The prediction model DFCM is mainly used for predicting whether a post d in a forum or a microblog is a rumor. Therefore, the information to be detected is a post d, and the post d specifically includes text information d.text, image information d.image and user information d.user. First, the multimodal feature extractor extracts feature information from the post d.

In particular, the multimodal feature extractor includes a text feature extractor, an image feature extractor, and a user feature extractor.

As shown in fig. 3, the text feature extractor includes a BERT model and a fully connected layer.

text information d.text is one-of-N encoded and expanded, and the length of the sentence is expanded to 512. This length is the input length limit of the BERT model, resulting in the code vector E. E = [ E = _[CLS] ,e ₁ ,...,e _|text| ,e _[SEP] ,...,e ₅₁₀ ]Where e represents a word, | text | represents the length of the input text, [ CLS [ ]]Is a sentence start identifier, [ SEP]Is a sentence end identifier, [ SEP]Followed by an extension portion.

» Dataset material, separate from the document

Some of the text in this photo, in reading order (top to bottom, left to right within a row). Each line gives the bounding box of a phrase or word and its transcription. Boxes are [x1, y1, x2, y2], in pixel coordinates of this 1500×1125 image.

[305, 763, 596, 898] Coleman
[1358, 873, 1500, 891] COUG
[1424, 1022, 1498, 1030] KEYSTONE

Text feature r for effectively extracting text information d _t The present application employs a pre-trained BERT model. The BERT model is a multi-layer bi-directional transform encoder. Inputting the encoding vector E into a BERT model to obtain an output matrix B = [ B = [) _[CLS] ,b ₁ ,...,b _n ,b _|text| ,...,b ₅₁₀ ] ^T Wherein b is _[CLS] Representing all semantic information in the text information.

Wherein d is _B Is the output dimension of the bi-directional transcoder model.

B is to _[CLS] Inputting the full connection layer of the text feature extractor to obtain the text feature r by the following calculation _t ，

r _t ＝W _tf ·b _[CLS]

Wherein, W _tf Representing text feature extractorThe weight matrix of the connection layer.

d _m To hide layer dimensions, the features

As shown in fig. 4, the image feature extractor contains a VGG19 network and a full connectivity layer. Image characteristic r of image information d.image is extracted effectively _v According to the method, the pre-trained VGG19 network is adopted to firstly extract the object information in the picture, and a full connection layer (visual-fc) is added to the last layer of the VGG19 network, so that on one hand, the size of the image feature can be adjusted, the image feature dimension and the text feature dimension are unified, and preparation is made for multi-modal feature fusion. Since VGG19 was not re-fitted during training, the fully connected layers could further extract features in the pictures relevant to rumor detection.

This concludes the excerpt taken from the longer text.